Apple’s (RED) partnership has raised $200 million

Dotty Nyambok is an HIV Counselor at the Embakasi Health Centre in Nairobi, Kenya. She is halfway through her list of patients when two girls walk into her tent.

Helima, 18, is here because she suspects she’s contracted HIV from her boyfriend, and her friend Winny has come to support her.

Dotty begins a familiar ritual: She unwraps a sterilized needle, pricks Helima’s finger and drops blood onto a test strip. Then she sets the timer. 15:00, 14:59, 14:58…

While they wait, Dotty asks Helima what she thinks will happen if she tests positive. With grim confidence, she answers, she will die.

That’s when Dotty shares something of herself.
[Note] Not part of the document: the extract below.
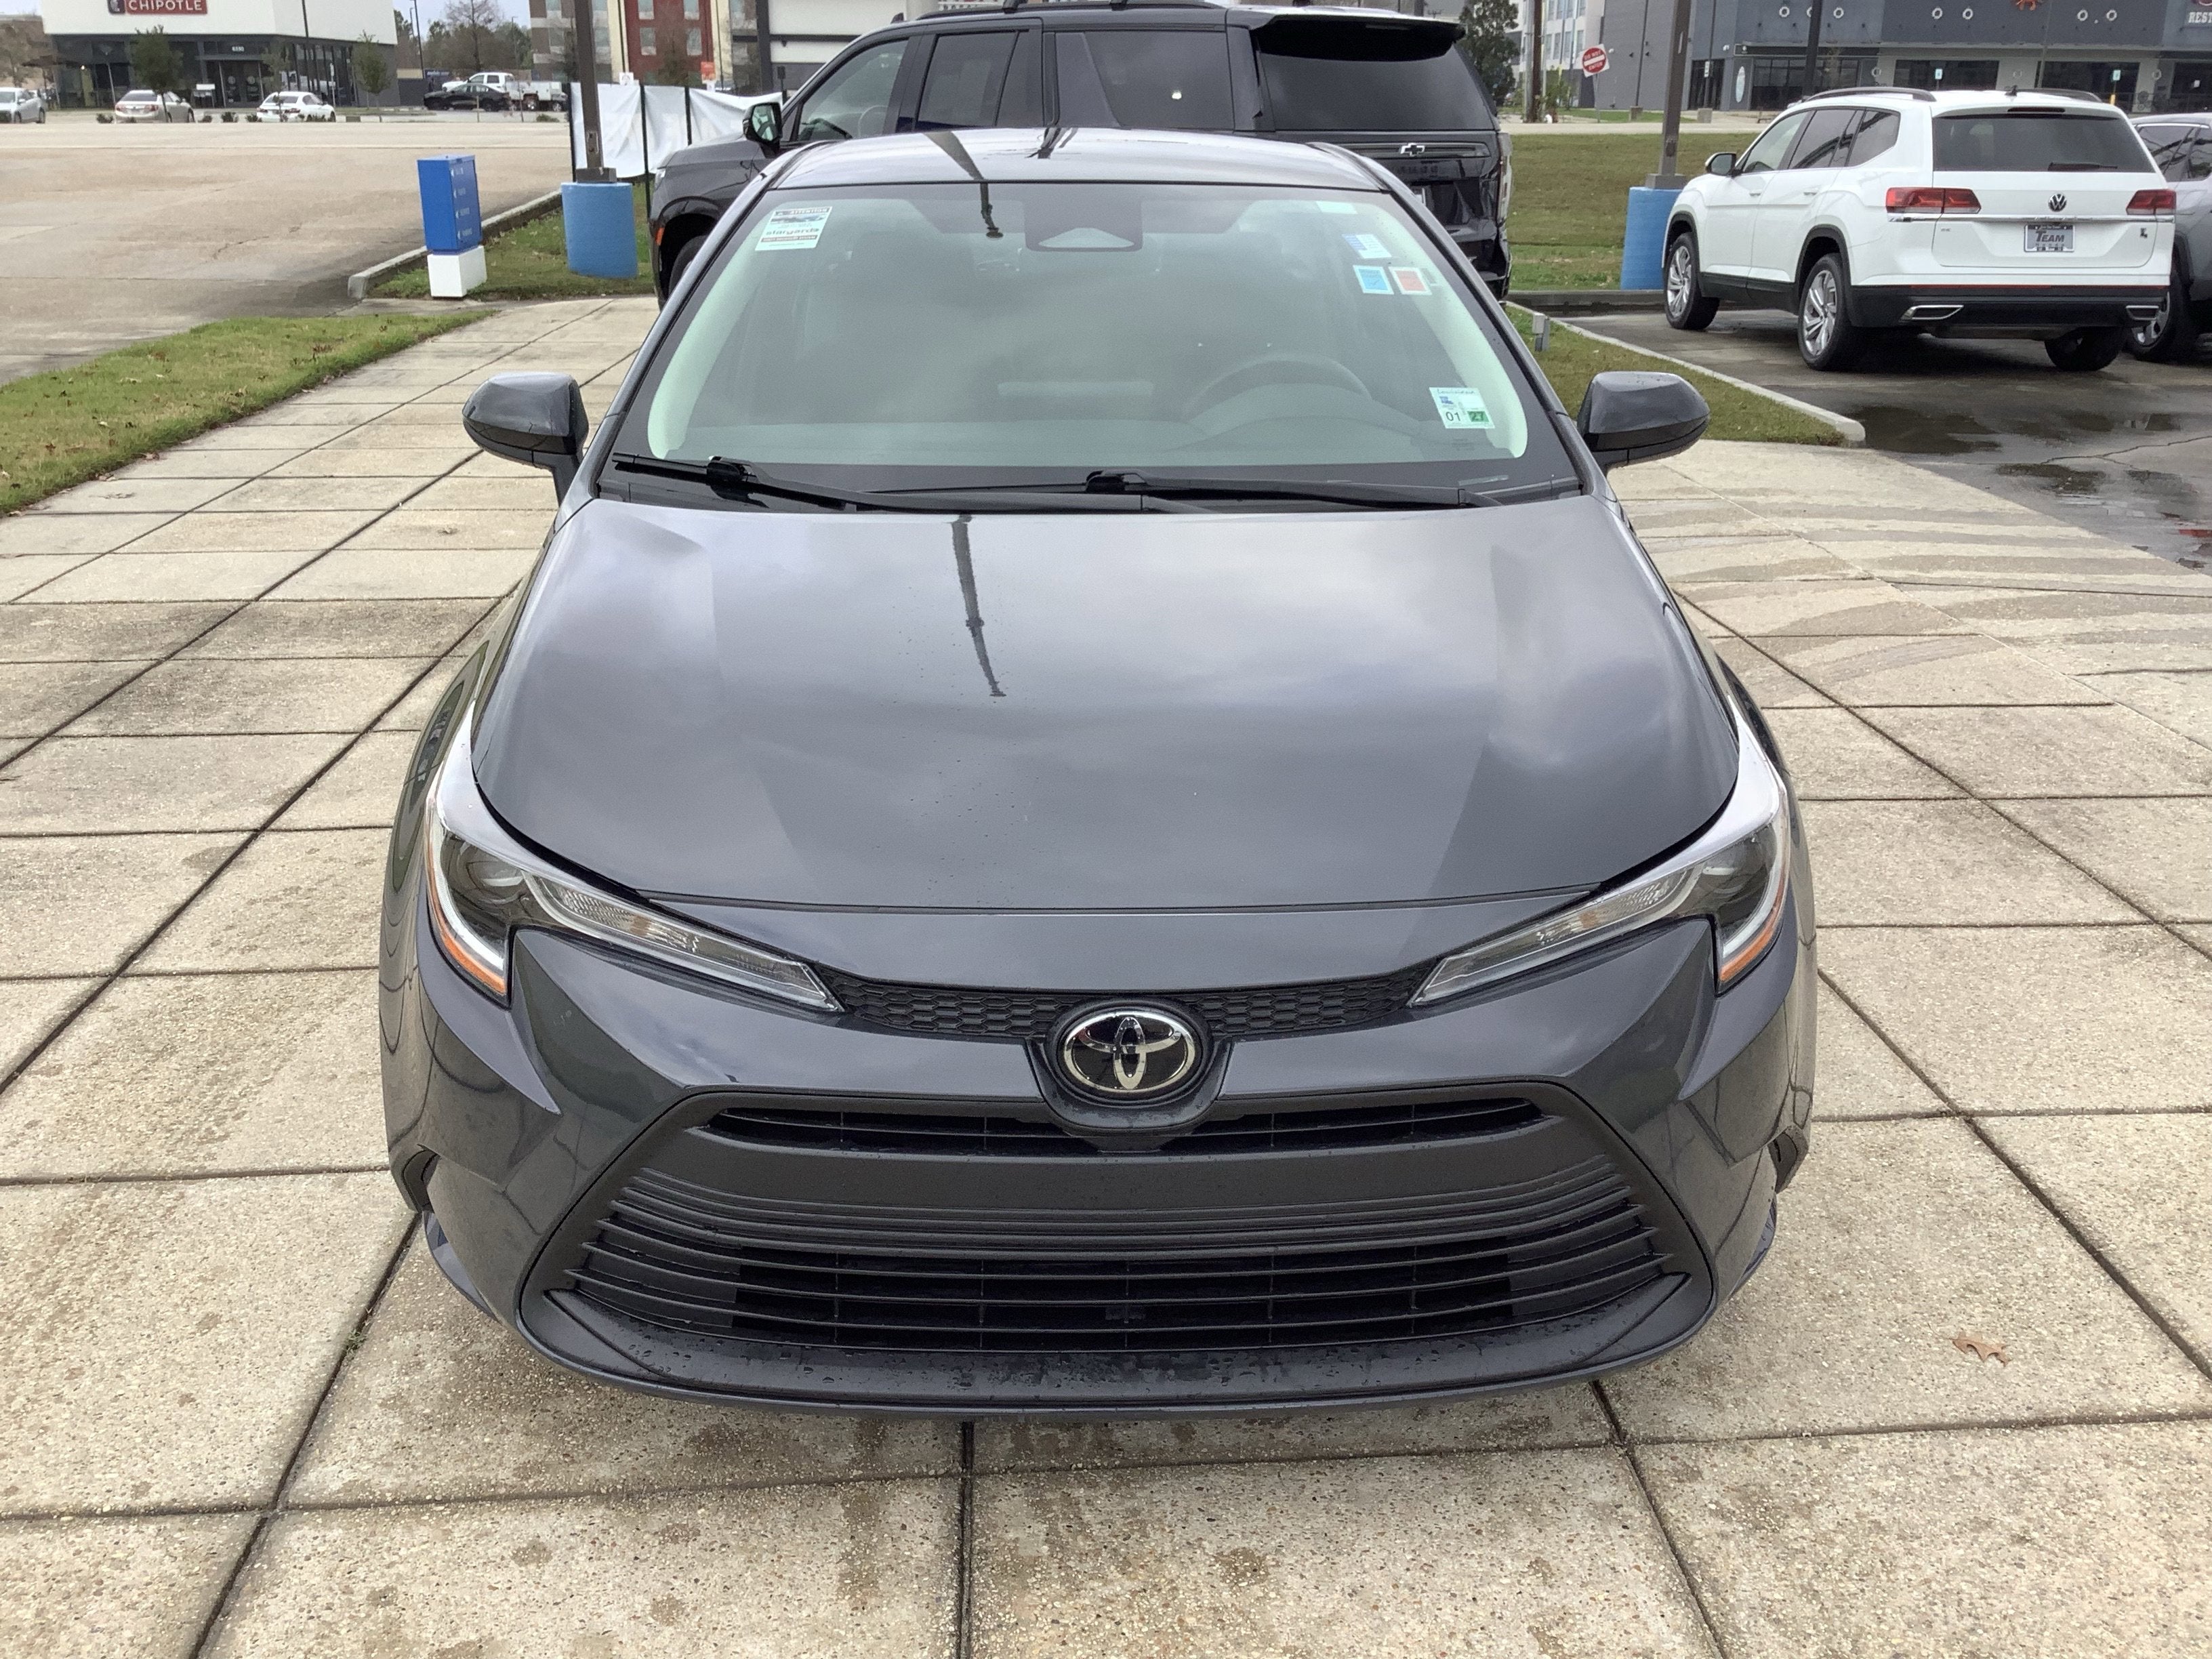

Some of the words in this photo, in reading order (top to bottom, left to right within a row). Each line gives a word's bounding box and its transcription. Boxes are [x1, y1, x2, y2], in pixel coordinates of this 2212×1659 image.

[128, 0, 203, 10] CHIPOTLE
[2036, 229, 2065, 243] TEAM
[1446, 411, 1461, 422] 01
It’s information she reveals when she senses someone is in desperate need of kindness and hope.

“I’m HIV-positive,” Dotty says. “So when you have HIV you will continue living, because you will take your medication.”

The girls exchange surprised, shy smiles in the tent at Embakasi, a facility whose HIV treatment services have been supported by Apple’s (RED) partnership since 2012.

Dotty counsels Helima, who suspects she contracted HIV from her boyfriend.
Dotty counsels Helima, who suspects she contracted HIV from her boyfriend.

 
Since its founding by Bono and Bobby Shriver, (RED) has raised more than $600 million to support the Global Fund to Fight AIDS, Tuberculosis and Malaria, $200 million of which has come from its partnership with Apple, the organization’s largest corporate donor.

Last year, Kenya had 53,000 new cases of HIV. Young women are infected at twice the rate as young men. As high as these numbers seem, they’re a vast improvement from years ago.

In 2000, a staggering 9.3 percent of all adults in Kenya were HIV-positive. At the same time, because the drugs were in short supply, World Health Organization guidelines stipulated that lifesaving antiretrovirals (ARVs) should only be administered once a patient’s CD4 count, which measures immune system health, fell below a very low mark. It meant patients had to be extremely sick to access ARVs, and for many, that was too late.

5:27, 5:26, 5:25…

That grim landscape was recent history when Dotty discovered she was pregnant in 2007, at age 19. During a prenatal visit, a clinician told Dotty she was HIV-positive, and pointed her to a treatment clinic two hours away. There was no counseling, no compassion, and no follow-up.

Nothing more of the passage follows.